By Ali Wallace and fellow developers Barkha Sinha and Mubeen Mohamad.

Back in 2016, I decided to go back to school to get my undergrad in computer science at the University of Kentucky. I didn't know much about coding at the time. I'd worked with someone in the Navy who had written a Python script to auto-generate reports, and it hit me—this was a skill I'd need no matter where I went. Even if my primary role wasn’t developing software, the technology would certainly give me an edge.

While I was there, I heard the same joke on repeat: a degree in computer science is really just a degree in googling.

They weren't wrong. Development is research-intensive because every problem has a multitude of viable solutions. The real skill is finding the best one for your use case—or at least one that works if you're under pressure. You're constantly hunting through Stack Overflow, pulling up answers from a decade ago, watching YouTube tutorials, and piecing together something that fits your specific situation.

Then AI came along.

Now I give Claude my problem, and it spits out a coded solution. I don't have to dig through forums or watch tutorials. The googling part—that entire research phase that used to consume hours of a developer's day—it's just gone.

But there’s a line we can’t cross: we can't hand everything over to AI, no matter how useful it's becoming. It isn’t a person. As developers, we're still accountable for how the end user experiences what we build. And no AI model can fully account for that human context—at least not yet.

So I asked some fellow developers at Nymbl how their day-to-day work has actually changed. What's different compared to five years ago? Where are they spending their time now? And what do they expect the landscape to look like in 2031? Here's what I learned. 

How Our Day-to-Day Work Has Changed

Five years ago, a massive portion of a lead developer's day was spent in a continuous loop of manual tasks—research, experimentation, iteration. Writing boilerplate code, looking up syntax, configuring routing, mapping data structures, and creating standard unit tests—all of it was largely manual effort. If you wanted to build a new internal tool or stand up a prototype, you built it piece by piece.

Today? Much of that effort has been compressed dramatically.

Barkha Sinha, who works with AI coding tools daily, put it simply: "The work hasn't disappeared, it has evolved." She's still doing the same job—now she's solving more problems in the same amount of time.

Mubeen Mohamed describes a similar shift: "I now spend more time understanding requirements, reviewing AI-generated solutions, improving business logic, and focusing on problem-solving." The shift is real—less time on execution mechanics and the grunt work, more time on thinking about what actually matters and drives outcomes.

Looking ahead to 2031, the trajectory is clear. Development is moving toward a model where engineers will work more as solution architects and reviewers— setting direction, evaluating output, and ensuring AI tools build the right things reliably. The human skills that matter most—critical thinking, system design, communication, validation—are only becoming more important.

The Genuinely Useful Moments

When has AI actually been a game-changer in your day-to-day work? When did it become clear that certain tasks simply could not get done as fast without it?

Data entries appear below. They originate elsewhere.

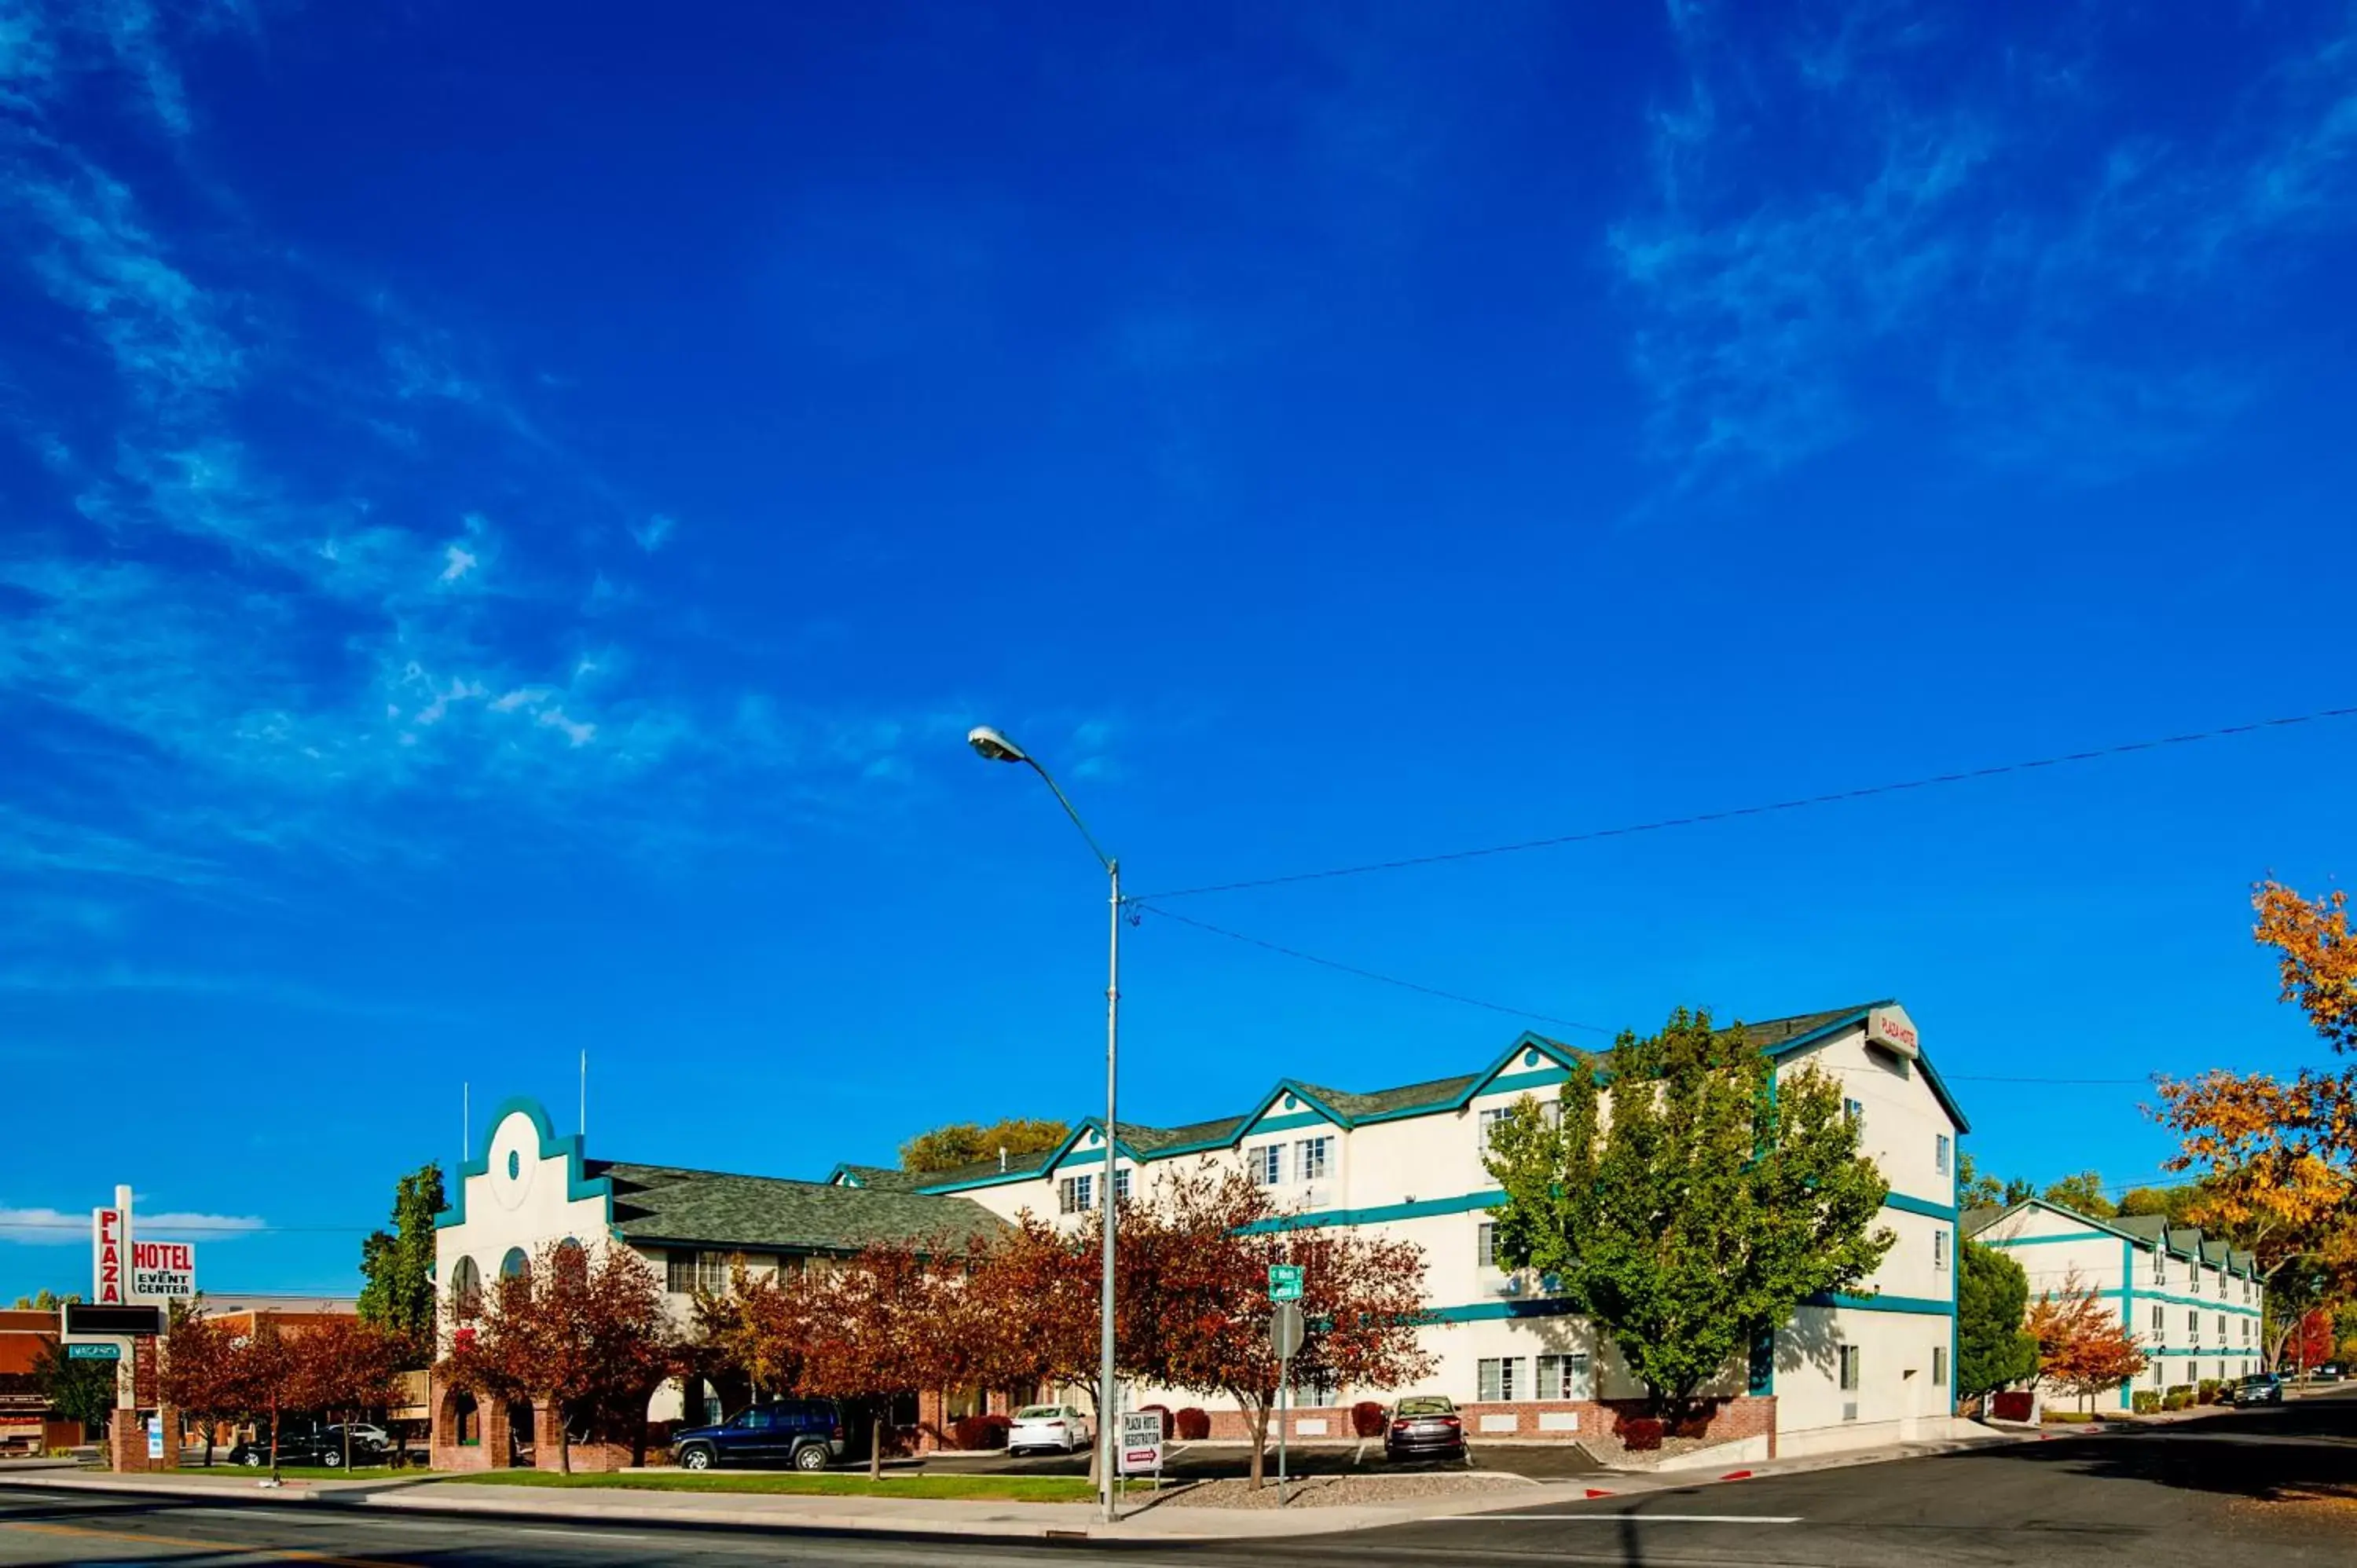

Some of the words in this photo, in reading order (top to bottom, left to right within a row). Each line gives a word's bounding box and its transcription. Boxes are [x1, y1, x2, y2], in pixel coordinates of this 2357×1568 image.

[1881, 1017, 1899, 1039] PLAZA
[1899, 1027, 1915, 1049] HOTEL
[101, 1211, 119, 1302] PLAZA
[134, 1244, 192, 1270] HOTEL
[137, 1273, 189, 1284] EVENT
[137, 1284, 189, 1295] CENTER
[1124, 1416, 1142, 1431] PLAZA
[1143, 1416, 1159, 1430] HOTEL
[1124, 1432, 1159, 1446] REGISTRATION

Barkha captured this perfectly: "What used to take hours can often be completed in a fraction of the time, allowing me to focus on the actual problem I'm trying to solve." But the impact goes beyond speed. The tunnel vision that used to set in with hours of troubleshooting is far less a risk when you can describe your problem to a model and get a structured response. And in the process of describing it clearly, you're forced to think about the actual high-level requirement. You have to understand what you're actually asking for before you can ask it well.

Mubeen echoes that: "Instead of spending hours searching documentation or testing multiple approaches, AI helps identify possible root causes, suggest fixes, and generate optimized solutions within minutes." That productivity shift has a real compounding effect. It means developers can focus on the parts of the job that actually require human judgment—the business logic, the design decisions, the tasks that can't be outsourced to a model.

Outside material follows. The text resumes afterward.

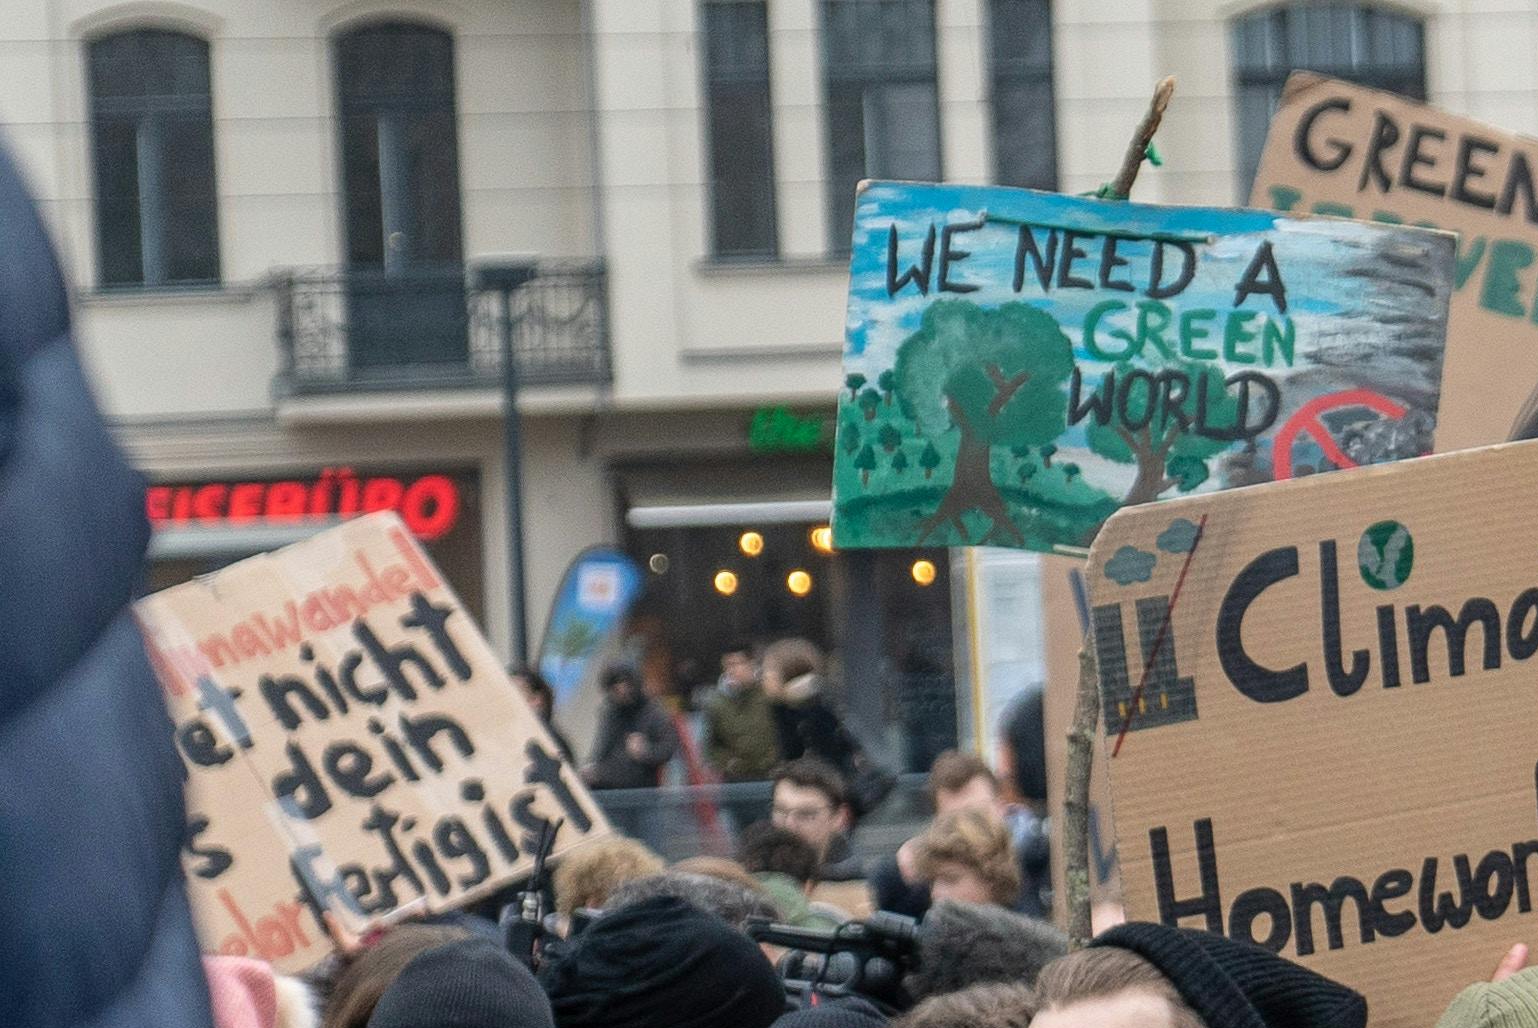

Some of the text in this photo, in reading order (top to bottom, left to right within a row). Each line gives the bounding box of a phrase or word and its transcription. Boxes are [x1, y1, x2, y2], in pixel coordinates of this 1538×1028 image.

Where We Still Don't Trust AI

Here's where I have to push back on the narrative that AI is going to solve everything.

AI isn't a person. It can’t understand requirements the way a stakeholder can, and it can’t anticipate how a real user will interact with what you built. Recently, I was trying to build a new feature for a ticketing app and had to ask the requester how the feature should behave. It wasn't something Replit could answer because Replit isn't a person who's going to be using this application. 

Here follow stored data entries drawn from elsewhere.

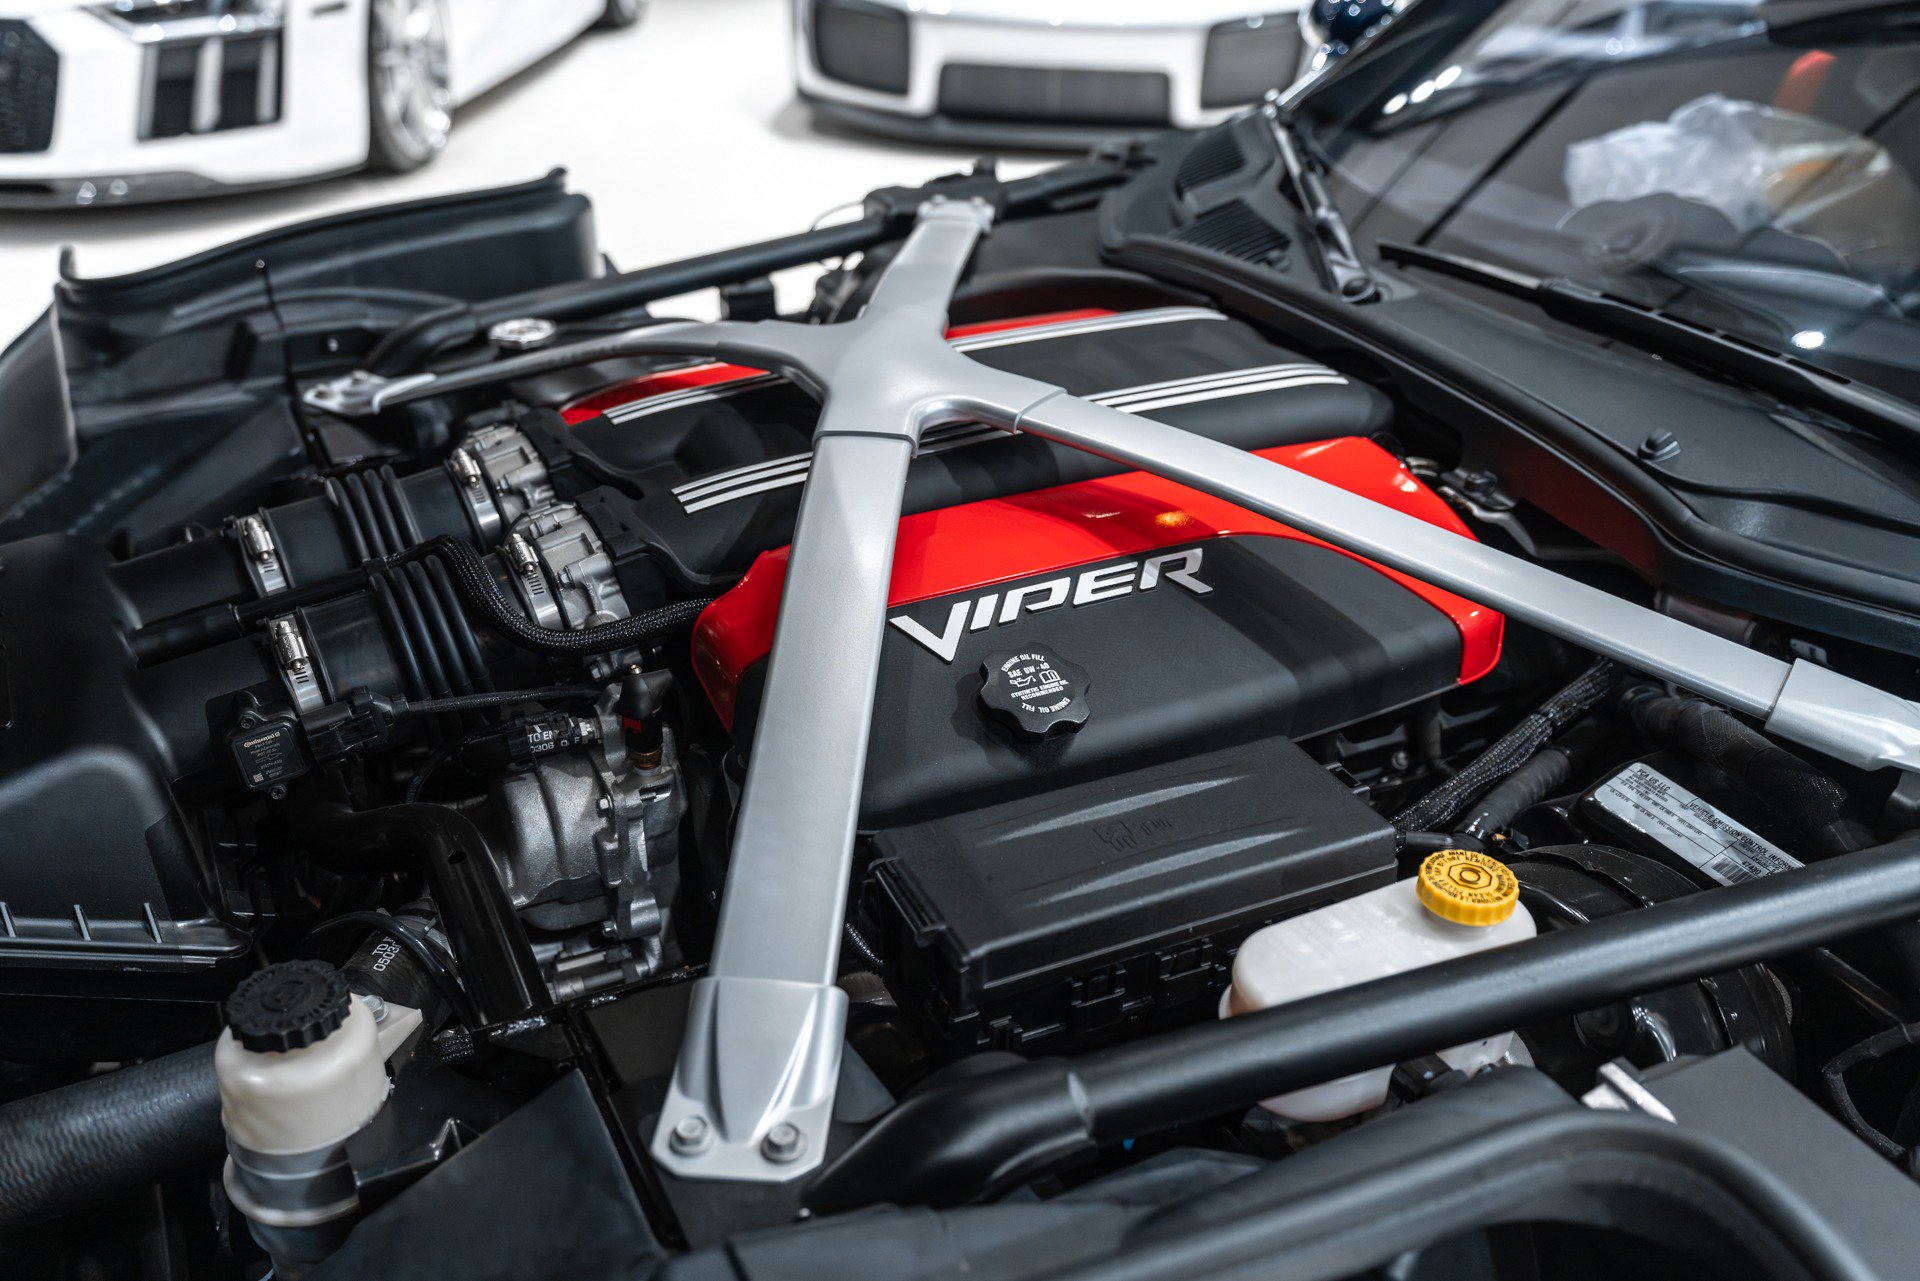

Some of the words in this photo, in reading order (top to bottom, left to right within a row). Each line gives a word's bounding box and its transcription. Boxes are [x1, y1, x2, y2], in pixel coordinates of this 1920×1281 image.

[889, 548, 1214, 662] VIPER
[1001, 656, 1020, 672] ENGINE
[1031, 654, 1045, 662] FILL
[1007, 669, 1022, 678] SAE
[1010, 687, 1039, 698] SYNTHETIC
[1039, 682, 1060, 690] ENGINE
[1021, 686, 1064, 700] RECOMMENDED
[1022, 702, 1035, 712] FILL
[1049, 697, 1070, 712] ENGINE
[528, 733, 540, 743] TO
[1637, 769, 1649, 779] FCA
[1649, 776, 1659, 784] US
[1658, 782, 1670, 792] LLC
[1689, 802, 1714, 819] VEHICLE
[1714, 818, 1741, 837] EMISSION
[1740, 835, 1767, 856] CONTROL

Barkha flagged hallucinations as her biggest concern: "The biggest concern for me is still hallucinations. They're subtle and often don't look obviously wrong at first glance, which makes them particularly risky." In theory, context windows should help with that. But this is a situation where human oversight is necessary. An AI-generated solution may compile successfully, look well-structured, and even appear logically sound, while still containing incorrect assumptions or edge-case failures.

Mubeen emphasizes what I think is the core issue: "I still do not fully trust AI for security-sensitive implementations, complex business logic, and debugging subtle issues in large codebases." This is not a dismissal of AI’s value. She's saying that "human review and understanding are still essential to ensure reliability, maintainability, and security." She treats AI output as a first draft — one that requires careful review before it goes anywhere near production. 

Barkha drives the point home: "You can't assume it's correct just because it runs." Executing without errors and doing what you actually need it to do are two very different things. 

Verification: How We Know It Actually Works

Knowing that AI output requires review is one thing. Having a consistent method for doing it is another. 

Mubeen’s approach is methodical: "I usually verify AI-generated code by reviewing the logic line by line, testing different scenarios, and comparing the output with the actual business requirement." What’s evolved over time is where she focuses her attention: "My approach has shifted from trusting quick outputs to focusing more on validation and edge cases." The complexity and business impact of a given implementation determine how rigorous that validation needs to be — not the fact that a model generated it.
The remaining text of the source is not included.